• Exercise:
Any picture in the entries is to be skipped, while everything else is transcribed word for word.
========
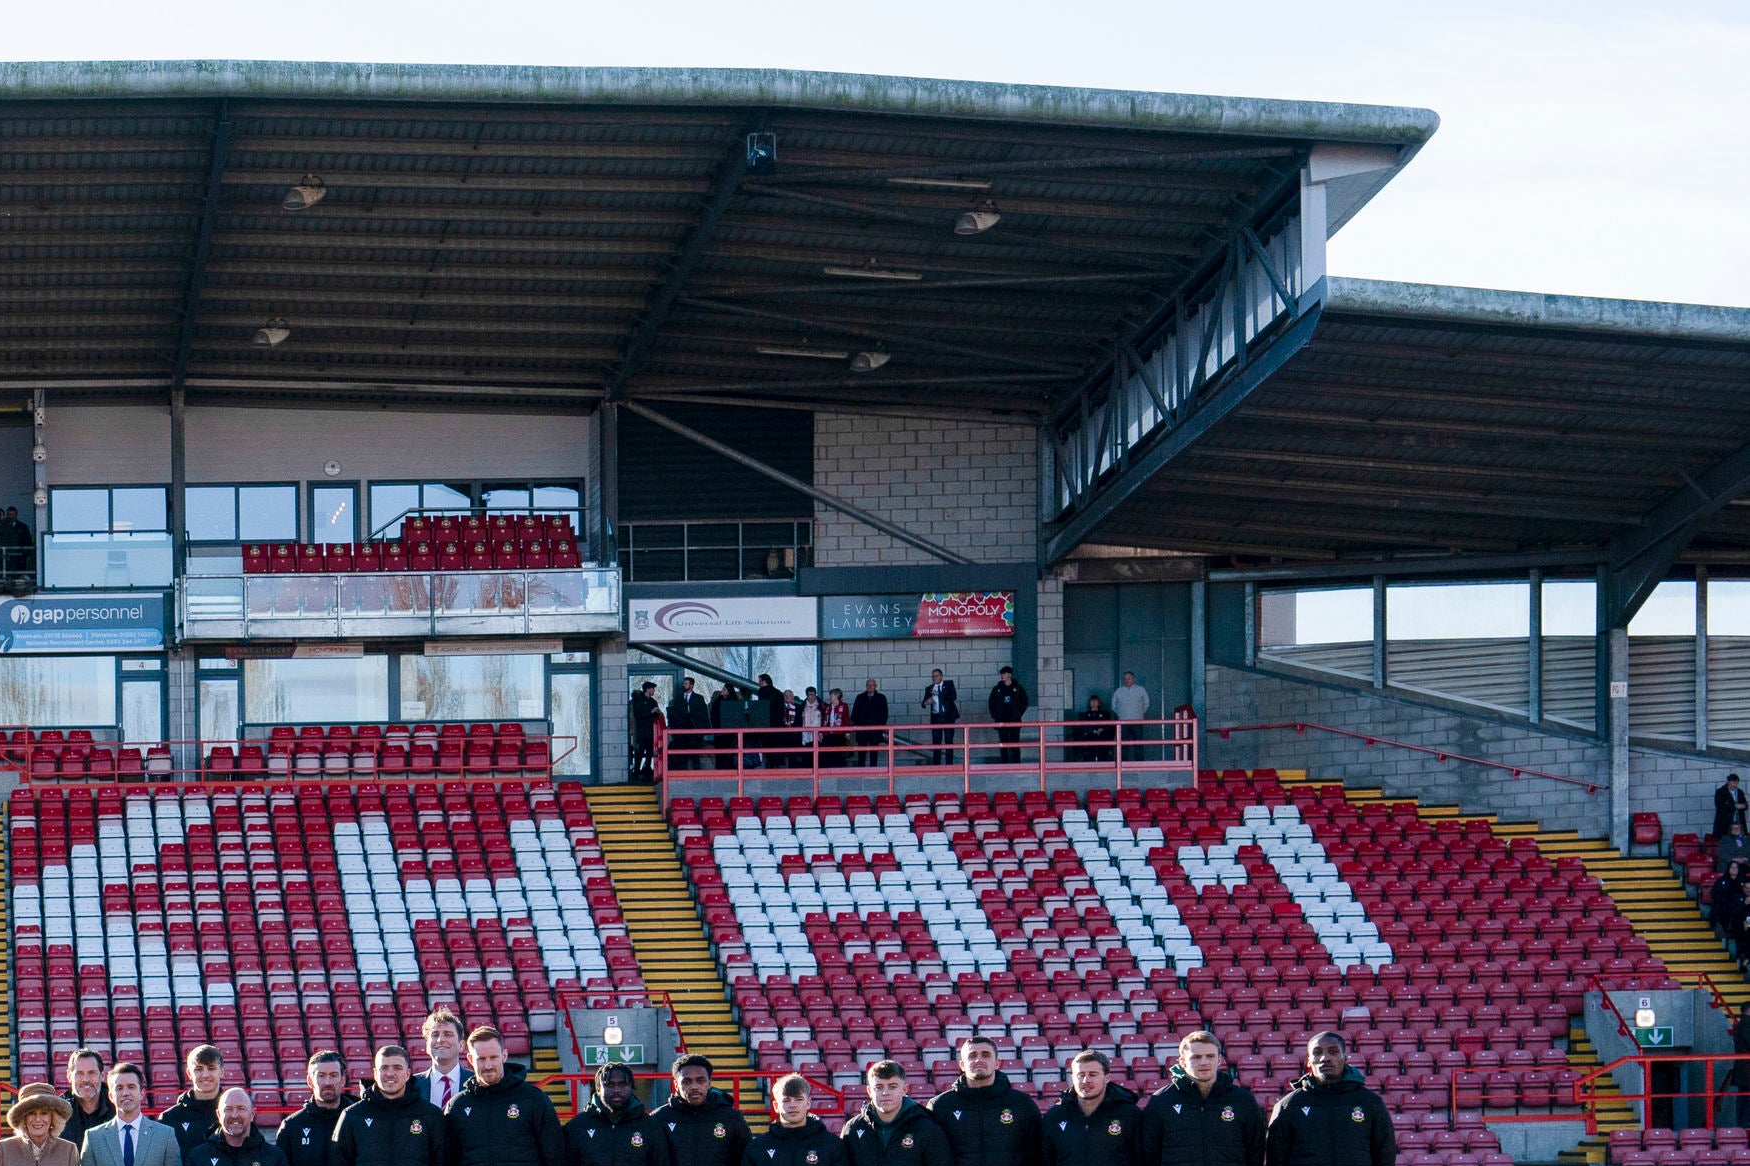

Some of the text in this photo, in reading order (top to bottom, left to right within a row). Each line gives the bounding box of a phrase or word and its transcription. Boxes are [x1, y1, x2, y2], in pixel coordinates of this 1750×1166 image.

[66, 604, 143, 623] personnel
[844, 603, 900, 615] EVANS
[928, 605, 1000, 617] MONOPOLY
[676, 619, 722, 627] Universal
[832, 617, 913, 629] LAMSLEY
[1641, 999, 1648, 1007] 6
[609, 1017, 615, 1025] 5
========
• Exercise solution:
Some of the text in this photo, in reading order (top to bottom, left to right within a row). Each line gives the bounding box of a phrase or word and its transcription. Boxes are [x1, y1, x2, y2], in pixel coordinates of this 1750×1166 image.

[66, 604, 143, 623] personnel
[844, 603, 900, 615] EVANS
[928, 605, 1000, 617] MONOPOLY
[676, 619, 722, 627] Universal
[832, 617, 913, 629] LAMSLEY
[1641, 999, 1648, 1007] 6
[609, 1017, 615, 1025] 5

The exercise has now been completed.